Si dans le passé on pouvait considérer le discours religieux et le monde comme stables, statiques, figés pour l’éternité, aujourd’hui au cours d’une seule génération nous assistons à des changements majeurs dans nos modes de vie. Découvertes scientifiques et réussites technologiques font vaciller nos certitudes et nos croyances. Il n’est plus possible de répéter à nos contemporains les textes anciens traduits mot à mot du grec ou latin. La langue change de génération en génération, parents et enfants n’utilisent plus les mêmes mots, ou leur donnent un sens différent. J’estime aussi qu’un discernement entre mythes, légendes, rhétorique et sens s’impose dans les textes canoniques lors du passage d’une foi d’enfant à une foi d’adulte.

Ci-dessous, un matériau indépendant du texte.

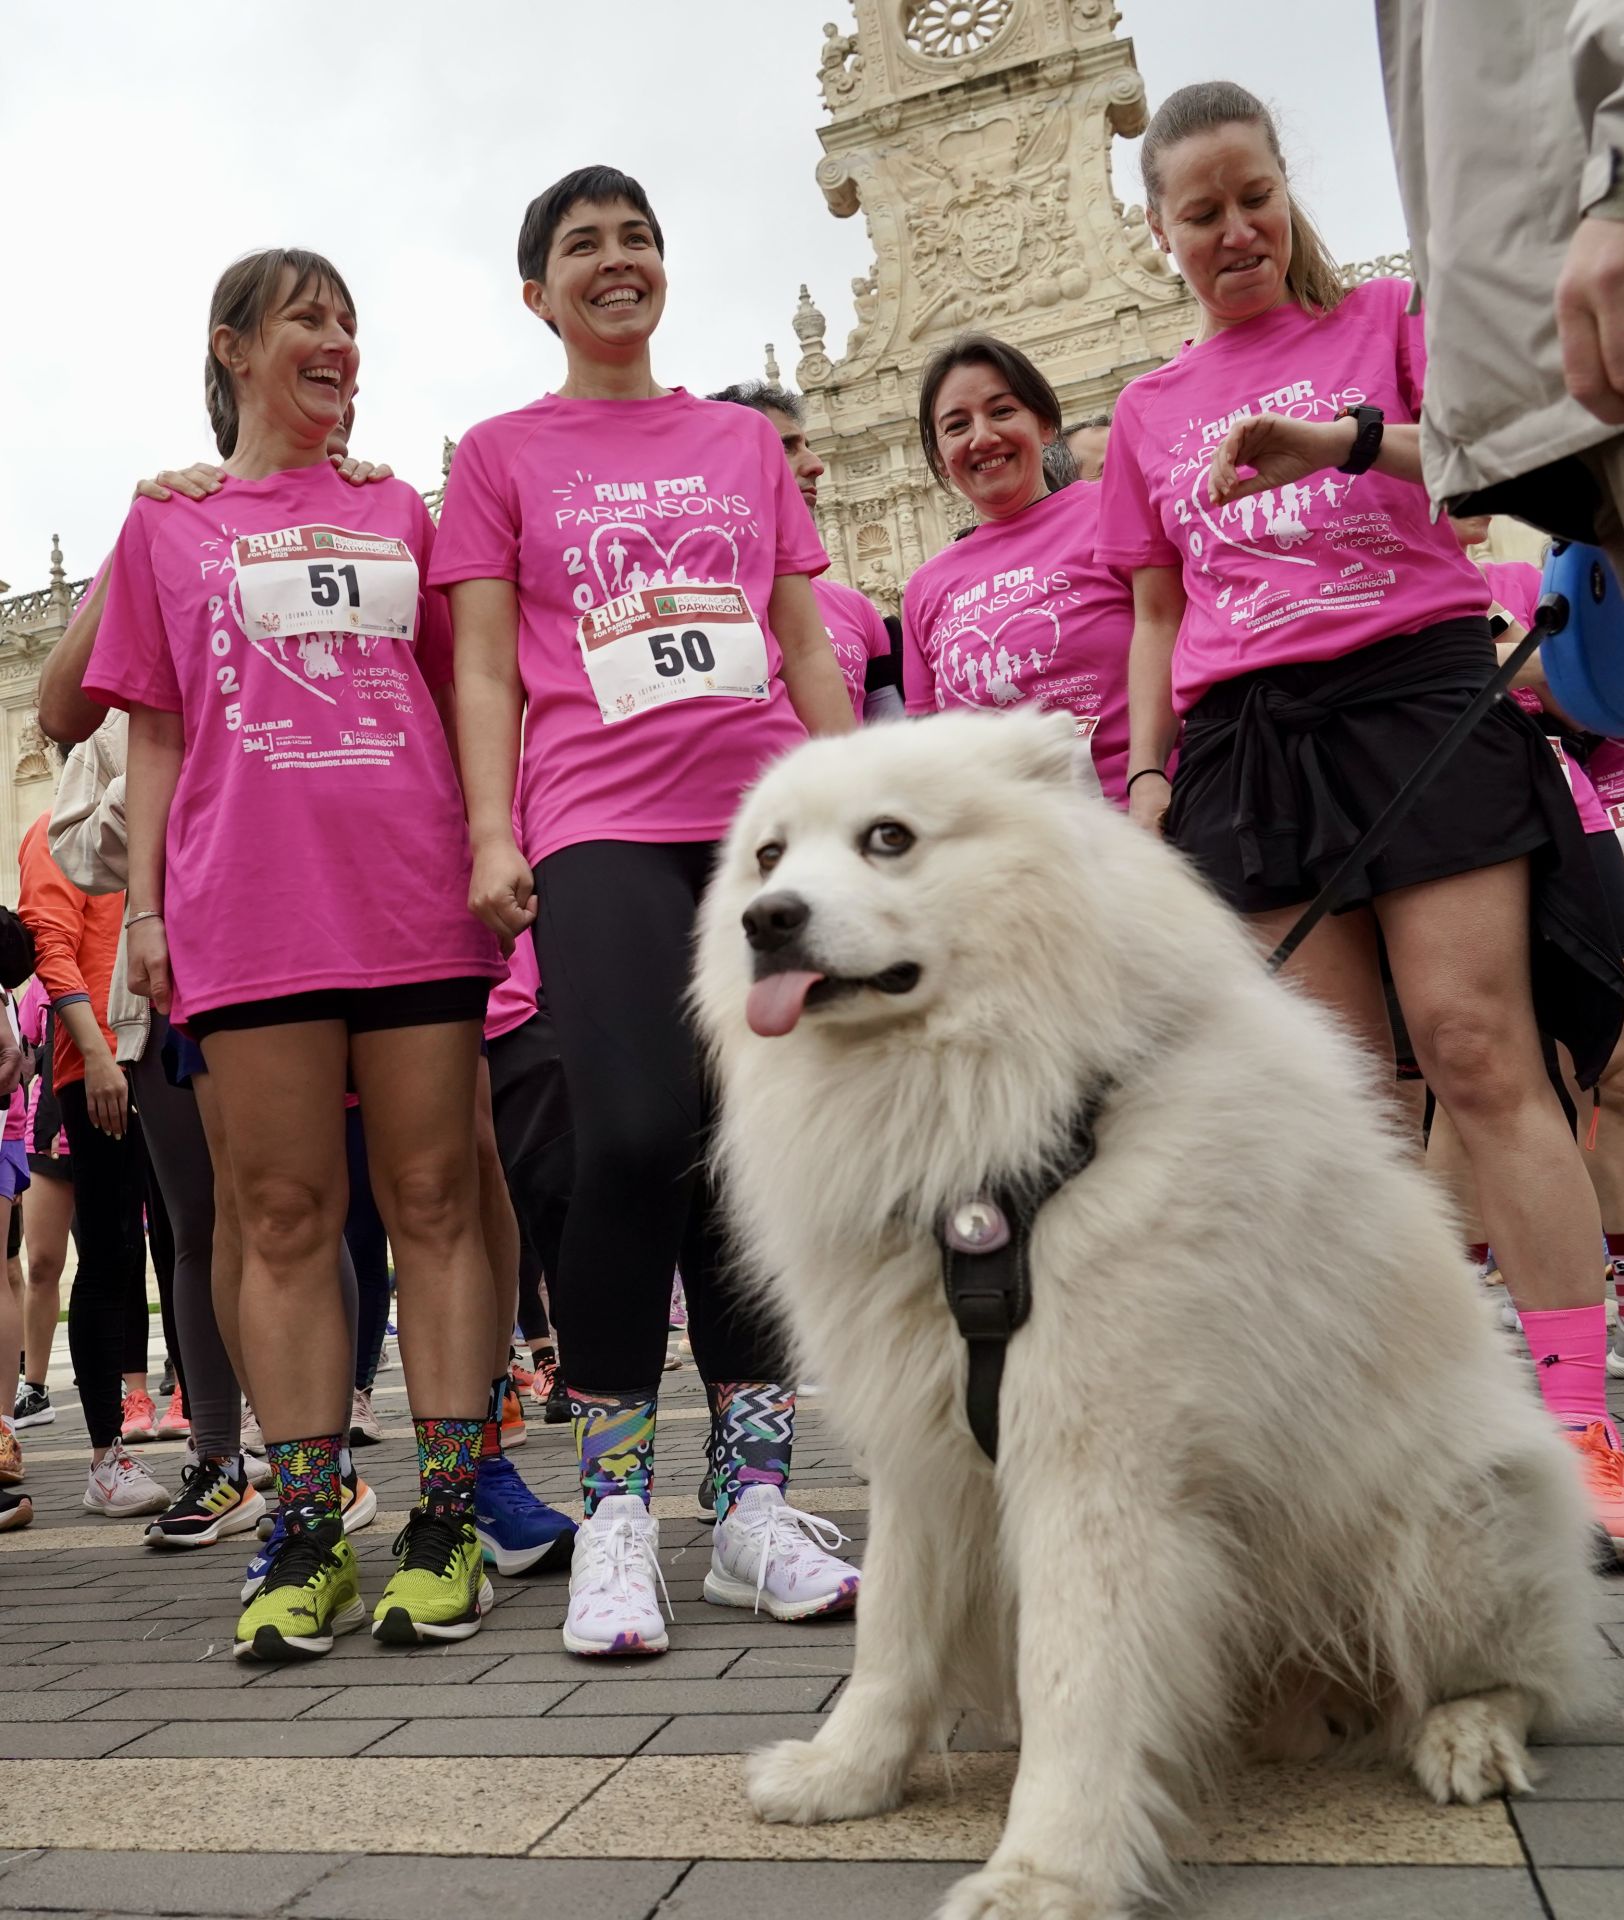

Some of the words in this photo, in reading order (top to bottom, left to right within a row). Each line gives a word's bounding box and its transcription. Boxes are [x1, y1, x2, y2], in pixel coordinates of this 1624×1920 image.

J.-C. H. : [Comme rapporteur du Synode], je dois être celui qui doit écouter. Ainsi, ce sont les gens qui doivent remplir ma tête et les pages. C’est cela le synode. Aujourd’hui, on ne peut plus se contenter de donner des ordres du haut vers le bas. … La différence [avec le passé] est que cette fois, le changement de civilisation a une force inédite. C’est pourquoi il nous faut un nouveau langage qui doit être fondé sur l’Évangile. Or, toute l’Église doit participer à la mise au point de ce nouveau langage : c’est le sens du synode.

À mon avis, la plus grande difficulté à surmonter se trouve dans l’extrême centralisation de l’Église et aussi dans la grande inertie aux réformes de la gérontocratie vaticane. Le temps de la théologie se compte parfois en siècles ou en millénaires (11 siècles pour inventer le purgatoire) alors qu’aujourd’hui, l’ajustement du discours évangélique aux diversités sociétales devrait se faire en continu, ou au moins à l’échelle des décennies !

Robert Kirsch, mai 2022.

Rencontre des présidents des réunions internationales des Conférences épiscopales et des coordinateurs des groupes de travail continentaux avec le Secrétariat général du Synode, à Rome le 28 novembre 2022. 

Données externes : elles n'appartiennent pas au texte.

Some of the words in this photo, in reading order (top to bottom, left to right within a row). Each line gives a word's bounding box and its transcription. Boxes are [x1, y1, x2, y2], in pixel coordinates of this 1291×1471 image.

Synode-pour-une-eglise-synodale

Le document actuel reflète les milliers de pages du processus de consultation au niveau paroissial et national. Il a été proposé à toutes les églises locales pour un dialogue plus approfondi. Le fruit de ce dialogue constituera le contenu des documents que chaque groupe de travail synodal continental enverra au Secrétariat d’ici le 31 mars 2023. Ce n’est qu’ensuite qu’il sera présenté au Pape et finalement à la session du Synode. (Giacomo Costa, consultant auprès du Secrétariat général du Synode).

Indépendamment des défis que le processus synodal soulève, a relevé le cardinal maltais Mario Grech pro-secrétaire général du Synode, la position fondamentale est de rester attentif, comme saint Pierre, à la voix de l’Esprit Saint, qui peut parler même à travers un païen.